In the weeks and months to come, more time will be spent determining why it was the All Blacks of 2011 were able to achieve what no other team had managed since 1987.
All sorts of ideas will do the rounds - some with merit, some without. One factor can already be acknowledged as critical - the coaching panel nailed their selections.
The major benefit of having been at the helm for eight years was that the coaching panel knew their players. They had an extraordinarily good read on each individual in their World Cup squad and a surprisingly cold edge which was critical.
Injury prevented this from being fully tested - but every indication was given that a fully fit Israel Dagg was the preferred choice ahead of a fully fit Mils Muliaina. Even if Muliaina had stayed injury free, it's unlikely he would have started the semifinal or final. Dagg was the man the selectors couldn't resist which wasn't without its emotional strains. Muliaina had been the fullback of choice since 2003.
He was an integral member of the leadership group and a world class fullback who only last year was on the shortlist for IRB Player of the Year. Much liked and hugely respected by the coaching staff - it took fortitude to leave Muliaina out the team.

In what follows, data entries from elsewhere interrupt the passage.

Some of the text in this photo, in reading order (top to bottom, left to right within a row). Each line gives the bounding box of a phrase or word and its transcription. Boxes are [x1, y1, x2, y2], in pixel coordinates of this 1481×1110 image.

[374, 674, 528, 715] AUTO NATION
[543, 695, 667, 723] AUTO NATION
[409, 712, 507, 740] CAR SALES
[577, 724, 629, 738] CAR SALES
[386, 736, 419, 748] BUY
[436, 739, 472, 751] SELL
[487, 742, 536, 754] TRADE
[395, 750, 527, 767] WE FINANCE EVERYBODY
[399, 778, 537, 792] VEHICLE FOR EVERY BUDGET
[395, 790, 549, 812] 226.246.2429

It took a similarly hard-nosed attitude to drop Jimmy Cowan during the tournament. The first choice halfback, mostly, since the middle of 2008, Cowan brought character and grit to the All Backs. Sadly, though, he didn't bring accurate passing and his form didn't merit even a place on the bench.
To have been so integral for four years as Muliaina and Cowan were - only to be squeezed out on the eve of the tournament; that was tough. It was also brave and maybe without those calls, the Webb Ellis Cup wouldn't be where it is. Just as astute were the assessments on Brad Thorn and Tony Woodcock. The former was quiet and apparently treading water for much of the Tri Nations and pool rounds; the latter struggling to regain form after an extended period with injury.

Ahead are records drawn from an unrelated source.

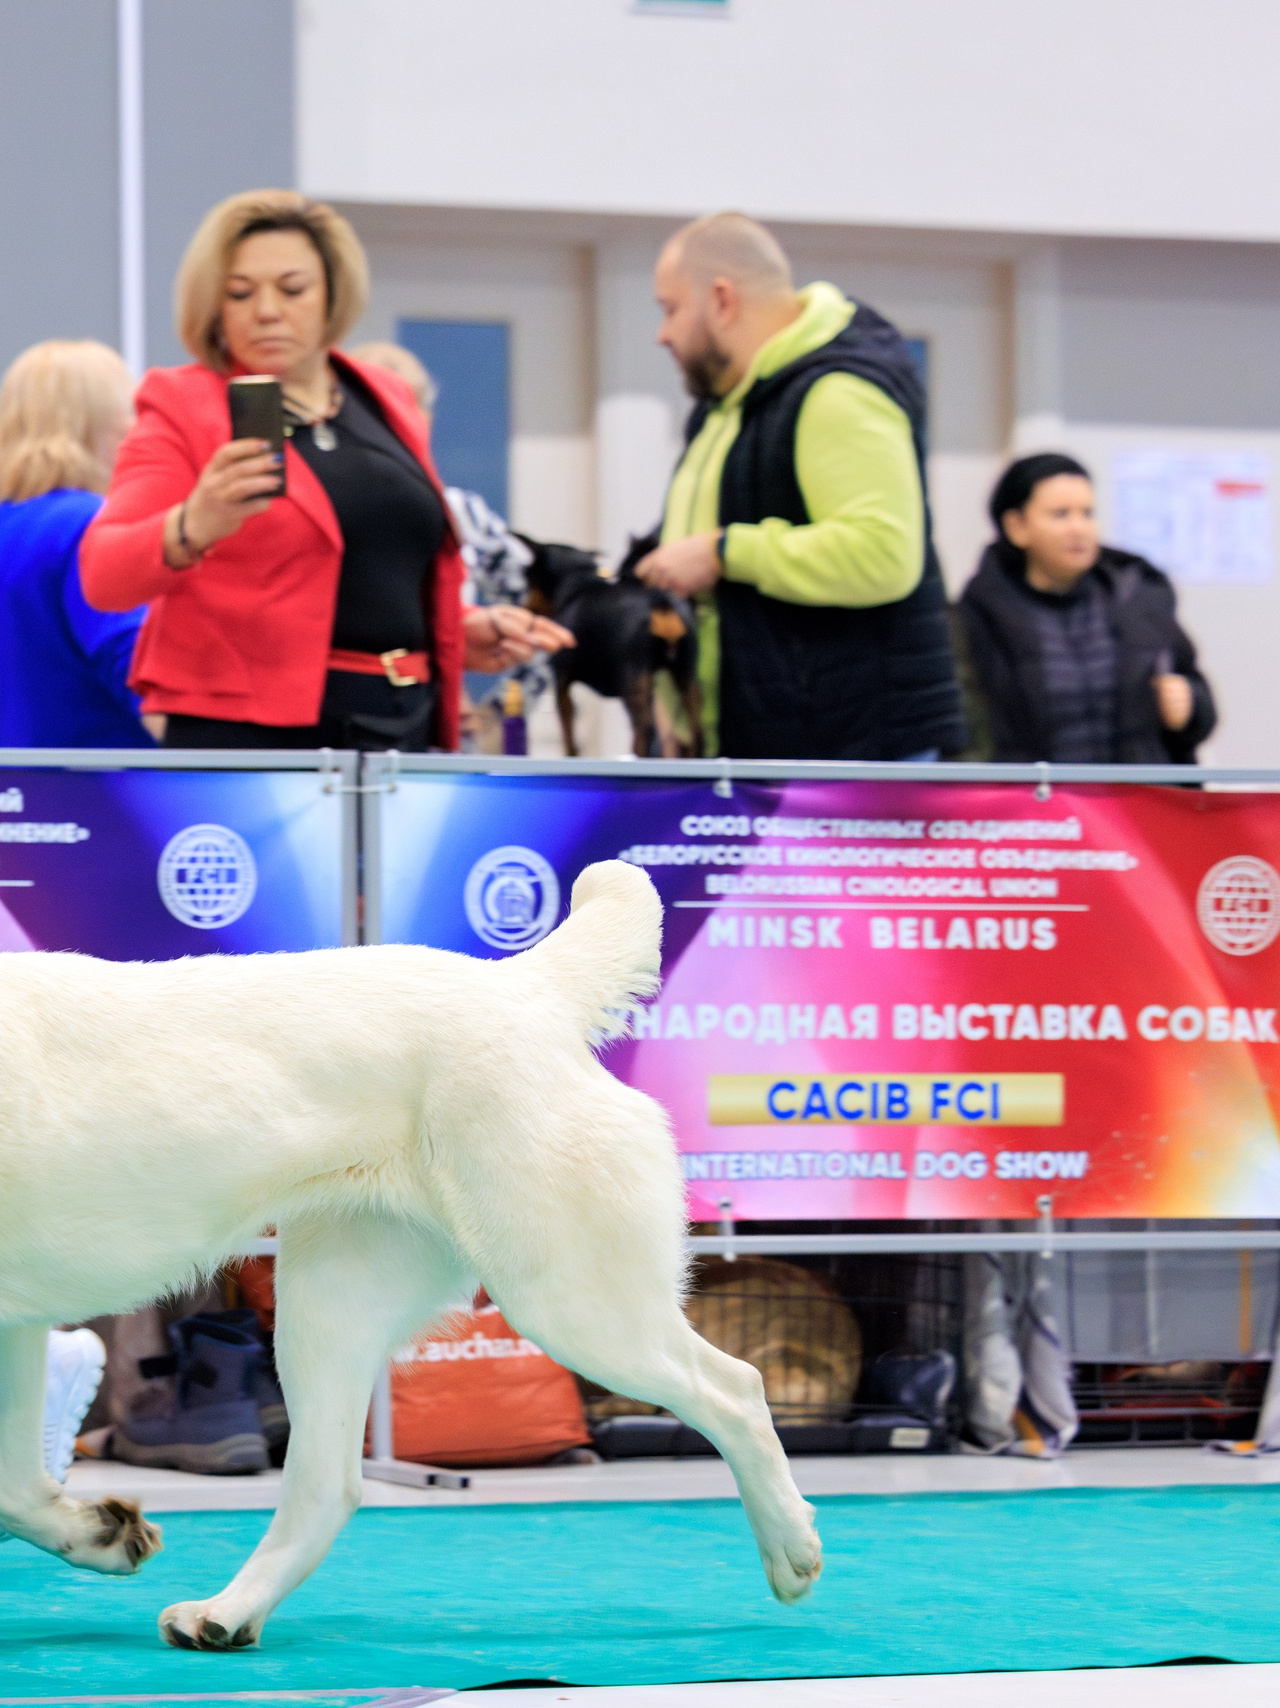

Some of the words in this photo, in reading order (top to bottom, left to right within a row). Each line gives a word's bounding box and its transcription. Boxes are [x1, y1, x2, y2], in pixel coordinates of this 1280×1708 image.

[680, 814, 751, 837] СОЮЗ
[989, 877, 1059, 898] UNION
[708, 916, 843, 949] MINSK
[870, 916, 1058, 951] BELARUS
[892, 1003, 1128, 1042] ВЫСТАВКА
[1136, 1005, 1280, 1043] СОБАК
[767, 1081, 912, 1121] CACIB
[931, 1082, 1001, 1121] FCI
[915, 1150, 989, 1180] DOG
[994, 1150, 1089, 1180] SHOW

It was correctly adduced that Thorn still had a fire smouldering and that it could be an inferno by the knock-out rounds. Indeed it was. He sparked up in the second half against the Pumas and then went "kaboom" against the Wallabies. As for Woodcock, he worked through the gears reaching fifth when it mattered.
The relevance of this shouldn't be lost as it is a critical piece of the future jigsaw. History shows the common mistake of champion teams is to cling on too long to those who brought them initial success.

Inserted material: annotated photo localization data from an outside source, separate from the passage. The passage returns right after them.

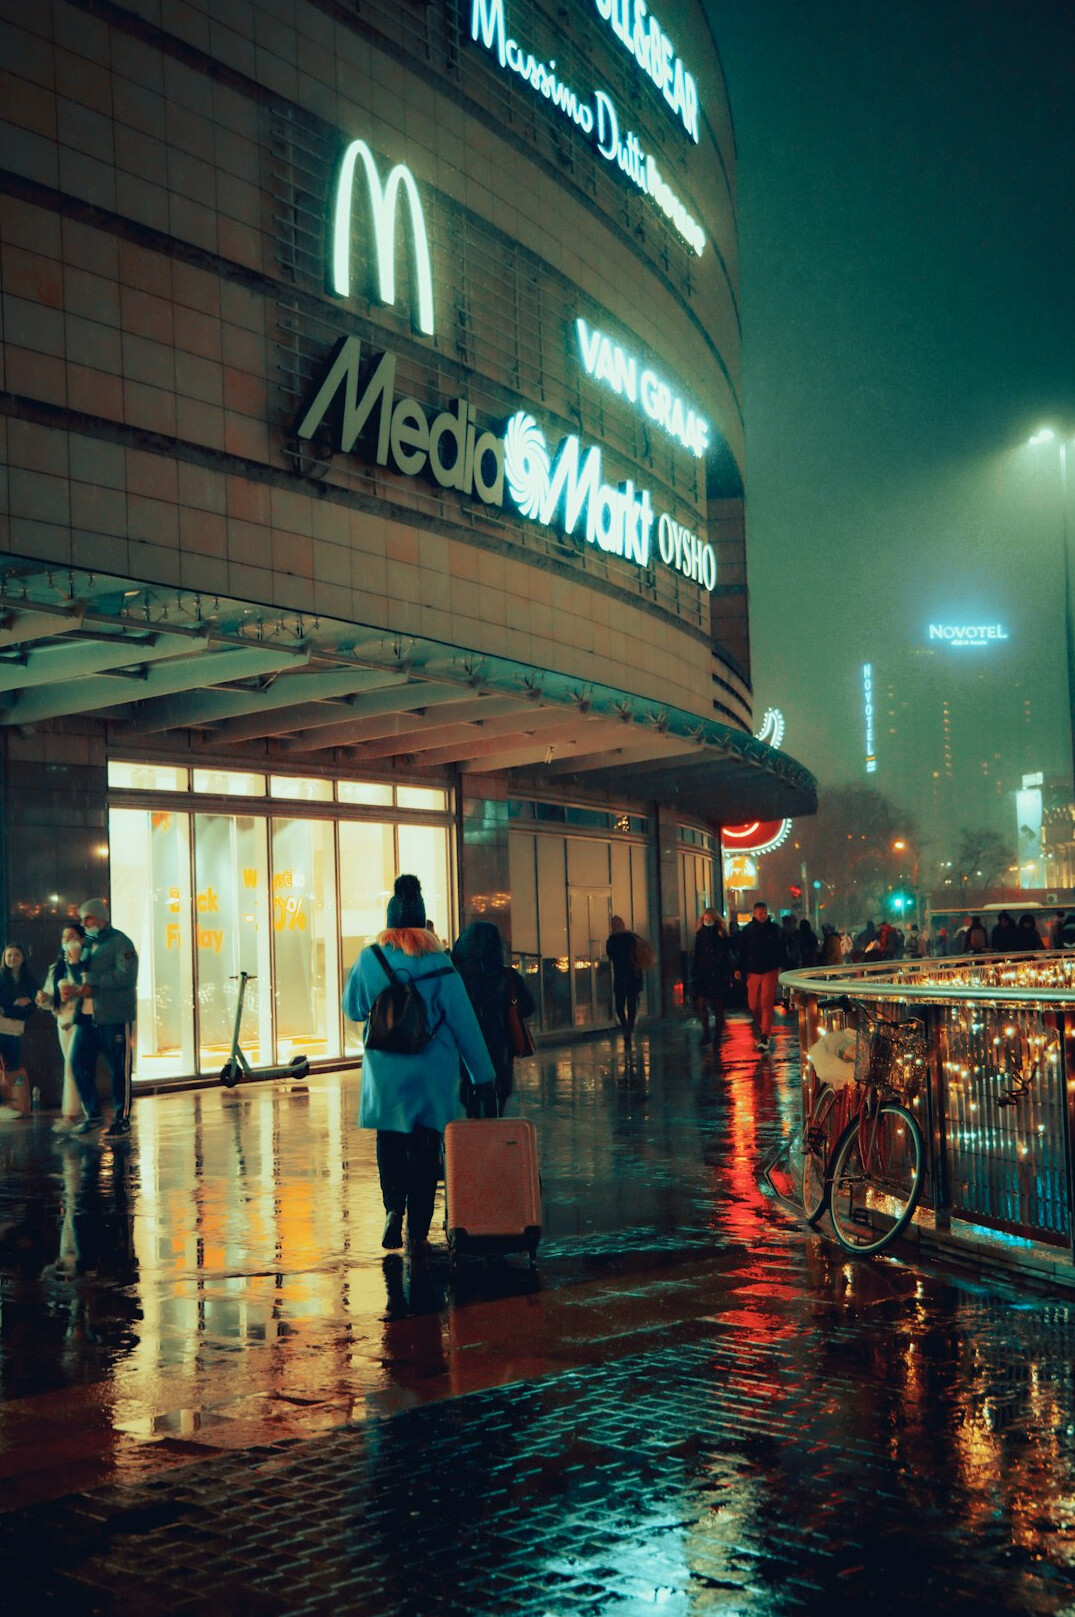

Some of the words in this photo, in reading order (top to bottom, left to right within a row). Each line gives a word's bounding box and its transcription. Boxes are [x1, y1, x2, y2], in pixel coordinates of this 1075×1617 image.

[471, 0, 594, 133] Massimo
[594, 90, 648, 194] Dutti
[576, 318, 636, 403] VAN
[640, 369, 709, 458] GRAAF
[658, 513, 716, 591] OYSHO
[929, 624, 1008, 639] NOVOTEL
[863, 663, 874, 756] NOVOTEL

Too many of the 1991 All Blacks were past their best. In 1995 the Wallabies were also on the decline, lacking the youth and punch they had in winning four years earlier. But it is England and South Africa that provide the best examples of staying blindly faithful at tremendous cost. The English in particular have struggled to move on from the men who won them the title in 2003. Their justification for such clinginess is the fact that England, against all predictions and previous form, made the final again in 2007 with significant numbers of the same players who had been involved in 2003.
Probably more than any other team, England have believed in World Cup continuity, with eight of their 22 involved in the 2007 final also picked to play in 2011. But it looked to everyone other than coach Martin Johnson - himself an appointment linked back to being the winning captain in 2003 - that Jonny Wilkinson was a busted flush. The game had moved beyond his traditional skill sets and he was an anchor. Simon Shaw finally looked his age while the likes of Lewis Moody, Steve Thompson (2003 final), Nick Easter and Matt Stevens were shown up to be honest plodders at best.
The Boks were also exposed as lacking dynamism and fresh blood. Everyone knows the saga of John Smit and the strange choice to play him ahead of Bismarck du Plessis. Fourie du Preez, head and shoulders the best halfback in 2007, would be lucky to be rated the fifth best in 2011 while Bryan Habana was barely hanging on.
The Boks, while they will remain adamant it was refereeing malfunction that cost them, had the feel of an ageing side in decline. The balance between youth and experience wasn't quite there and, by erring on the side of caution, they were boxed into playing smash and bash. They lacked ball carriers and an unpredictable edge until Francois Hougaard was let loose off the bench.
The point to grasp is that World Cup-winning sides need to evolve. To grip too hard to the heroes of one campaign invites failure at the next. Whoever the next All Black coach is, he will need to be conscious that while many of the current side will probably still be around in 2015, they may not be the right men to send into battle. Richie McCaw and Dan Carter, Ali Williams, Jerome Kaino, Piri Weepu, Ma'a Nonu, Conrad Smith and Cory Jane could all be pressing for selection. They will have to earn it and not be given it on the basis they have won it once so should be trusted to do it again.
Steve Hansen, the favourite to succeed Henry, has stated that the idea of retaining the World Cup has already found some traction as a new goal for the All Blacks.
"Nobody's gone and done that. England [winners in 2003] made the  final and are the only team to have done it and it's the sort of challenge this team would definitely like," Hansen said in Christchurch during the victory parade. "I think there's definitely the talent here at the moment. It's just a matter of nurturing that."